Your "puff piece" on Senator Olympia Snowe is misleading. It paints a more heroic picture (the article consists entirely of quotes by the senator) than reality indicates. If she were really in the mold of Margaret Chase Smith, she would have been more than a maverick. Senator Chase would have declared herself independent from the Republican Party. Senator Snowe's victory margin in 2006 is misleading, too. The Democratic Party leadership held back on its support of the party's candidate, conceding the election. Otherwise, the vote total for Snowe would have been closer to 59 percent. She is, at bottom, another "enabler" for Dubya Bush. Time will tell.

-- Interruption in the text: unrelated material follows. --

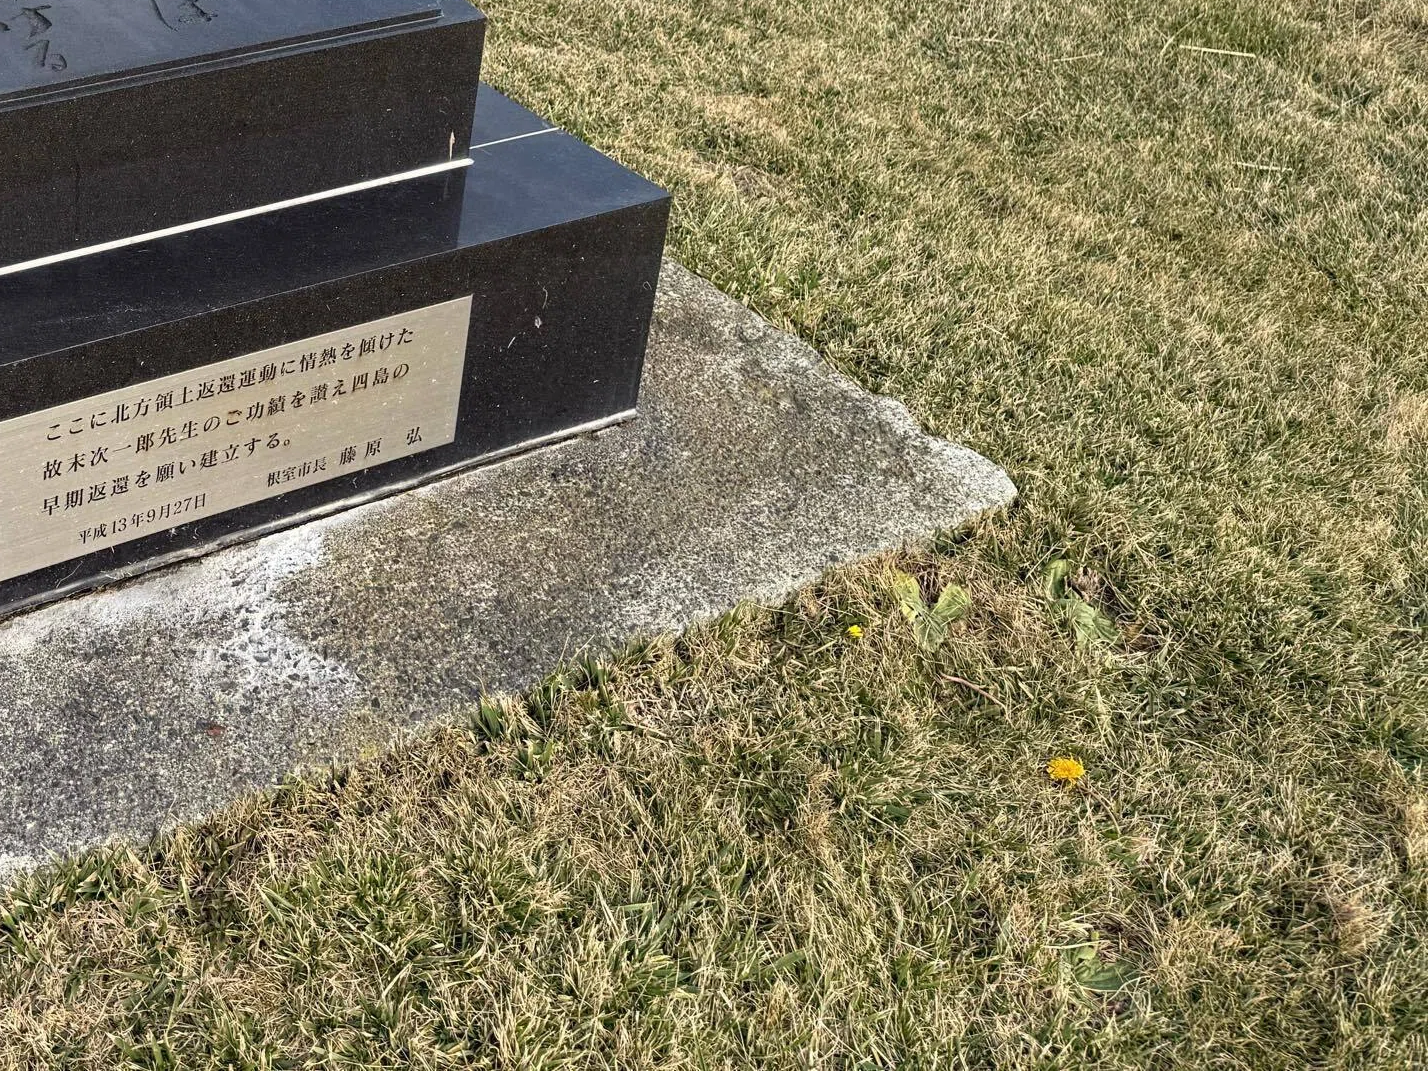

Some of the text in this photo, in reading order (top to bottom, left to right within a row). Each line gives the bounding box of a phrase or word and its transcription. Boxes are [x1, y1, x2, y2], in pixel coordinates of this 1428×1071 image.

Meantime, Yankee Magazine ought to stay away from mere "puff pieces" if it is to be seen as being on the cutting edge of reporting accuracy.
Dick Bernard, South Portland, Maine
Editor's note: The Olympia Snowe interview is one of a series we call "The Big Question." They are all in the first person, so rather than being a puff piece, it's more like hearing someone -- in this case Senator Snowe, last issue Bode Miller, and the many people ahead -- talk about their lives and passions.

Your article, "Secret Places", shows the beauty of the Quabbin reservation. Hidden beneath pictures and words lie the four doomed towns where 2,500 inhabitants were forced to relocate and 7,561 bodies to be reinterred in other cemeteries. The Quabbin Reservoir was created to provide a large source of water to meet the present and future demands of Boston and surrounding towns. All signs of human habitation had to be eradicated to accomplish construction of the reservoir. Four towns were sacrificed in the Swift River Valley to create the largest domestic water supply in the world.